__WHAT YOU HAVE TO DO__
Write each entry again exactly as shown, but without the images it holds.

(Records from a collection)
==========

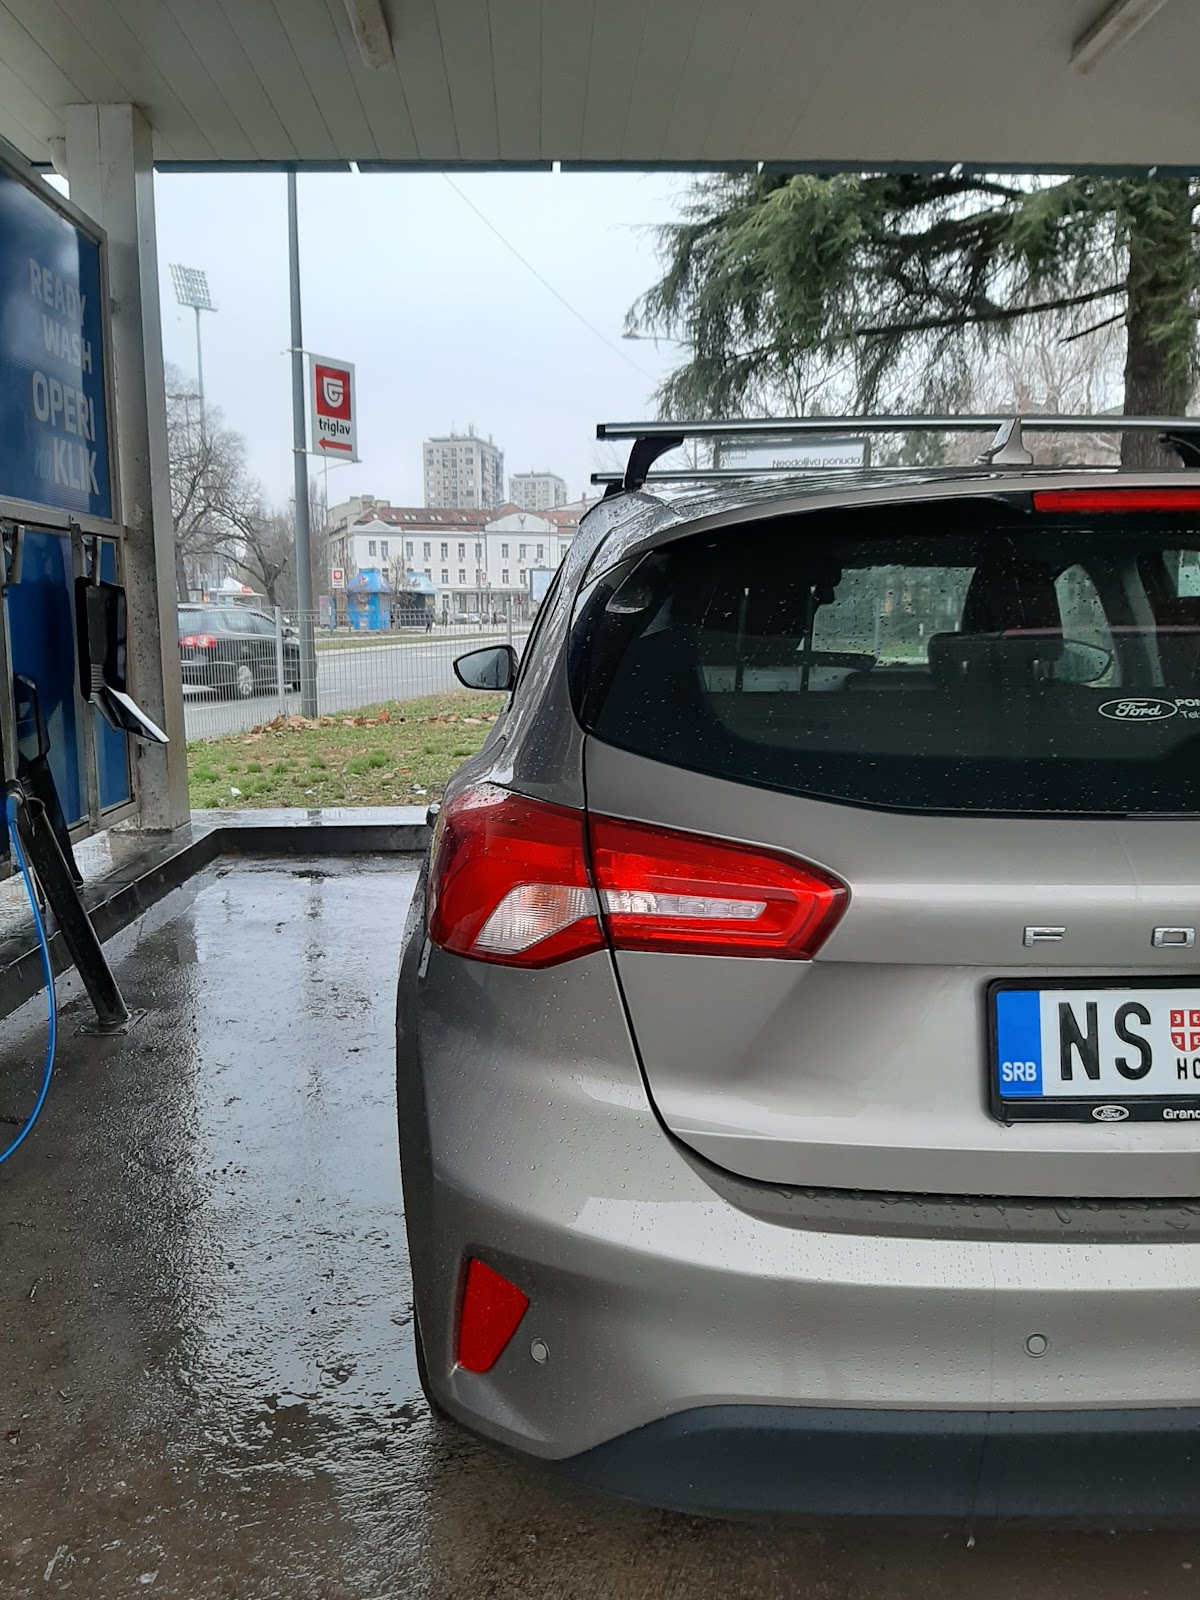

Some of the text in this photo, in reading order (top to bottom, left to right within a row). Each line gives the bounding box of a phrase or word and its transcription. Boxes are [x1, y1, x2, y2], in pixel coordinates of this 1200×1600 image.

[29, 258, 86, 326] READY
[42, 316, 93, 374] WASH
[32, 370, 96, 442] OPERI
[319, 418, 351, 436] triglav
[52, 436, 100, 495] KLIK
[822, 456, 861, 468] ponuda
[1115, 701, 1162, 717] Ford
[1058, 1001, 1153, 1081] NS
[1002, 1061, 1038, 1082] SRB
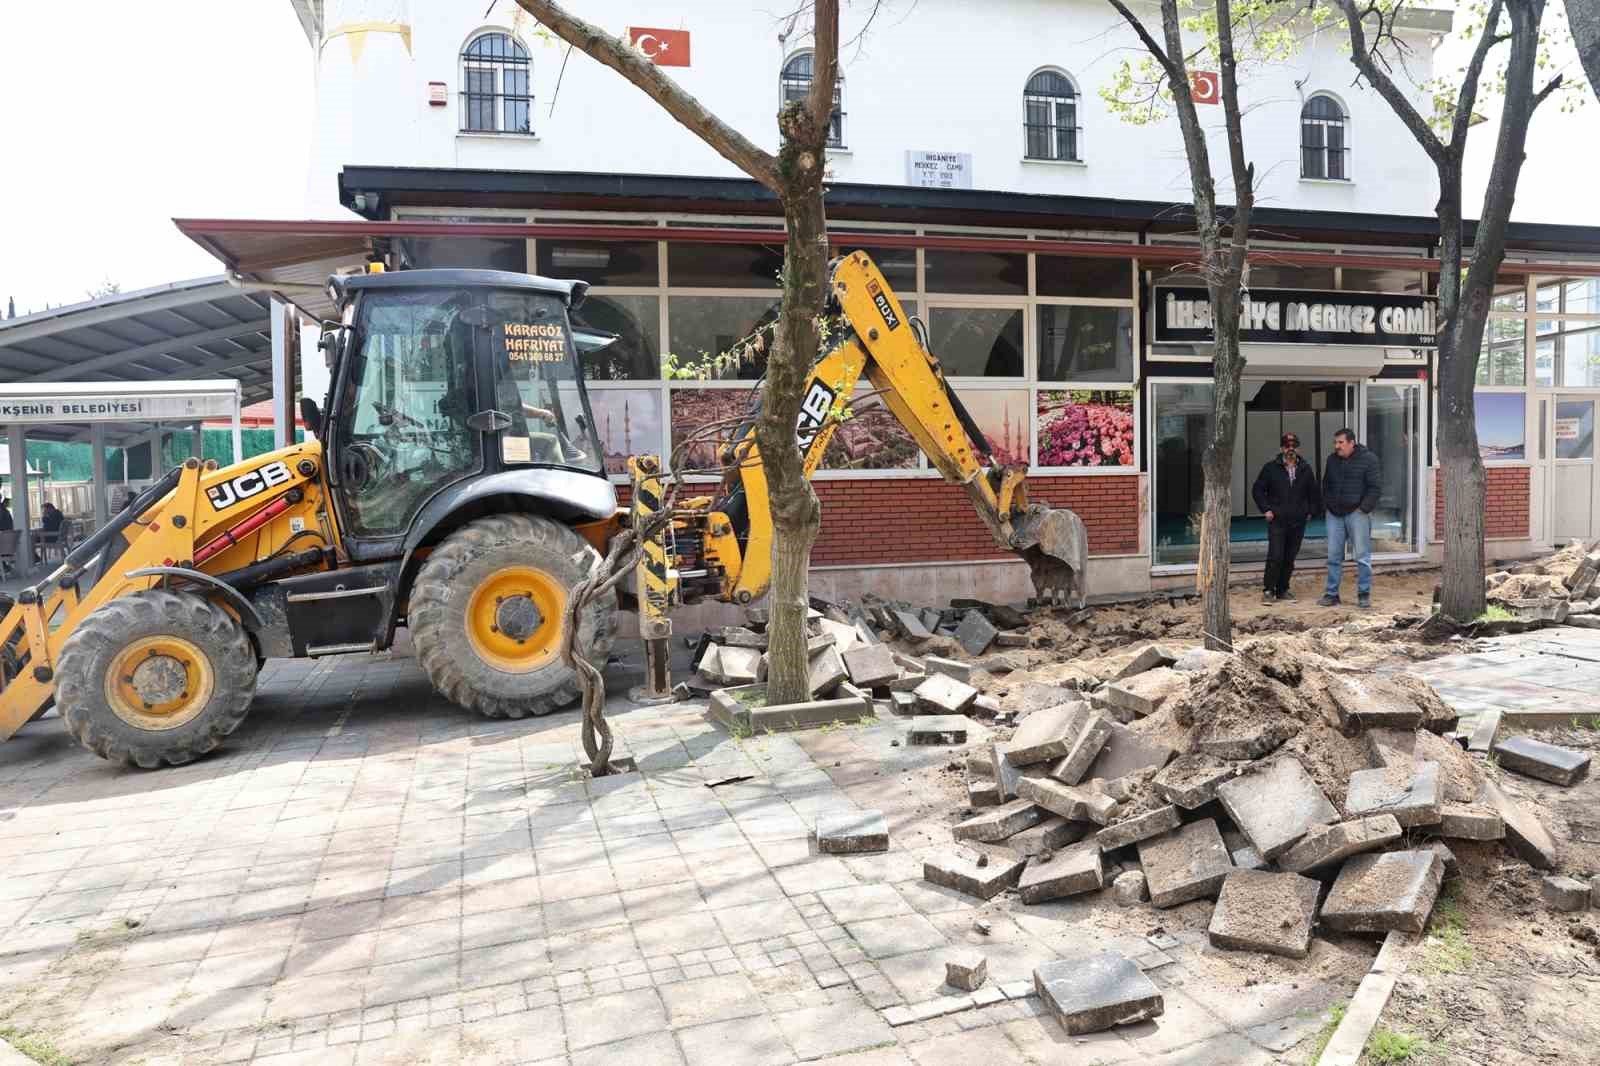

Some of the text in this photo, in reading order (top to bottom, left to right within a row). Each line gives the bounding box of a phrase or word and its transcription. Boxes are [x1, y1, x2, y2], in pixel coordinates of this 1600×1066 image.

[1166, 292, 1280, 331] İHSİYE
[1285, 302, 1376, 334] MERKEZ
[504, 323, 562, 337] KARAGÖZ
[504, 337, 564, 352] HAFRİYAT
[0, 401, 143, 416] KŞEHİR BELEDİYESİ
[796, 382, 834, 457] CB
[211, 461, 293, 509] JCB
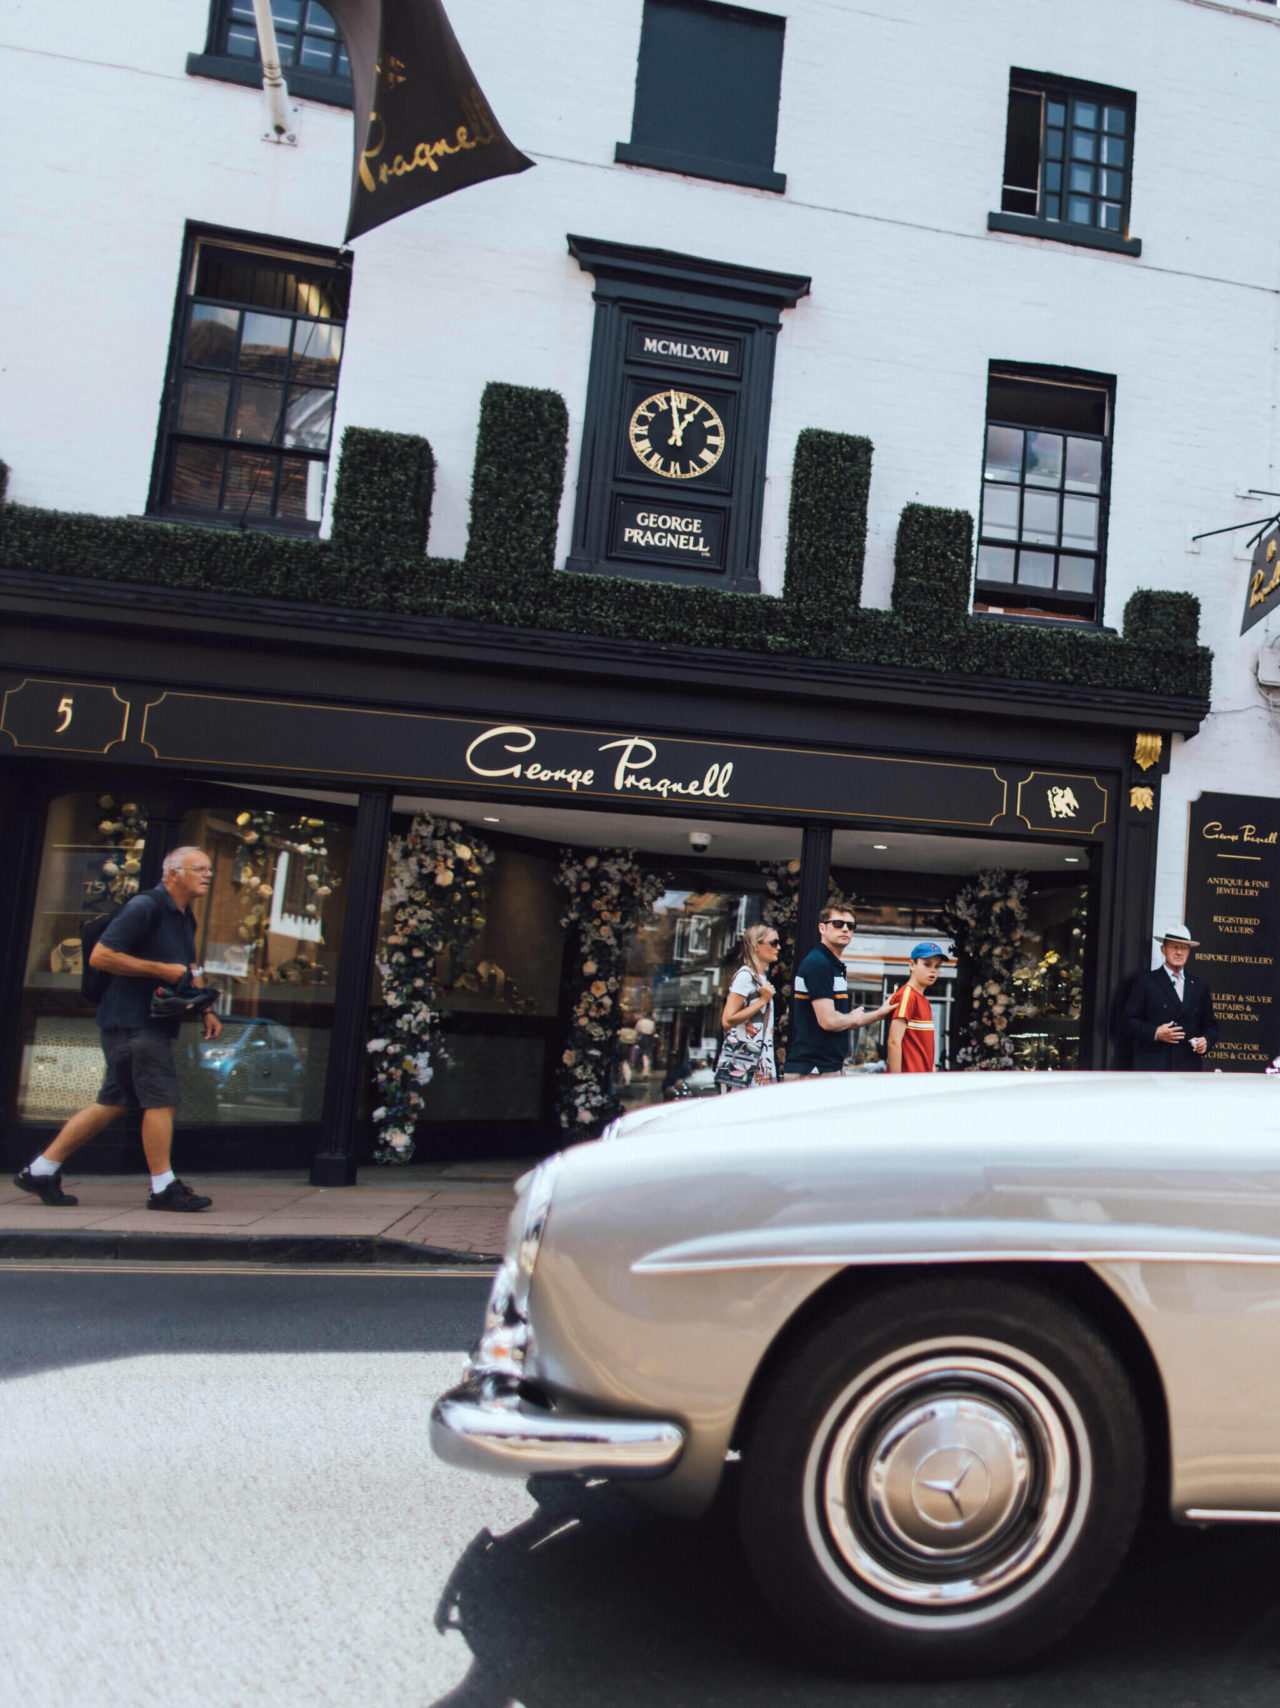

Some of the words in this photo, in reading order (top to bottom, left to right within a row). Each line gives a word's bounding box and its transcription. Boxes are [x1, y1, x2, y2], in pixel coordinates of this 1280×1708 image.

==========

__FINAL ANSWER__
Some of the text in this photo, in reading order (top to bottom, left to right within a row). Each line gives the bounding box of a phrase or word and its transcription. Boxes are [x1, y1, x2, y2], in pixel coordinates of this 1200×1600 image.

[29, 258, 86, 326] READY
[42, 316, 93, 374] WASH
[32, 370, 96, 442] OPERI
[319, 418, 351, 436] triglav
[52, 436, 100, 495] KLIK
[822, 456, 861, 468] ponuda
[1115, 701, 1162, 717] Ford
[1058, 1001, 1153, 1081] NS
[1002, 1061, 1038, 1082] SRB

Some of the text in this photo, in reading order (top to bottom, left to right within a row). Each line gives the bounding box of a phrase or word and its transcription. Boxes are [x1, y1, x2, y2], in pixel coordinates of this 1600×1066 image.

[1166, 292, 1280, 331] İHSİYE
[1285, 302, 1376, 334] MERKEZ
[504, 323, 562, 337] KARAGÖZ
[504, 337, 564, 352] HAFRİYAT
[0, 401, 143, 416] KŞEHİR BELEDİYESİ
[796, 382, 834, 457] CB
[211, 461, 293, 509] JCB

Some of the words in this photo, in reading order (top to bottom, left to right within a row). Each line gives a word's bounding box and its transcription. Boxes are [x1, y1, x2, y2], in pixel coordinates of this 1280×1708 image.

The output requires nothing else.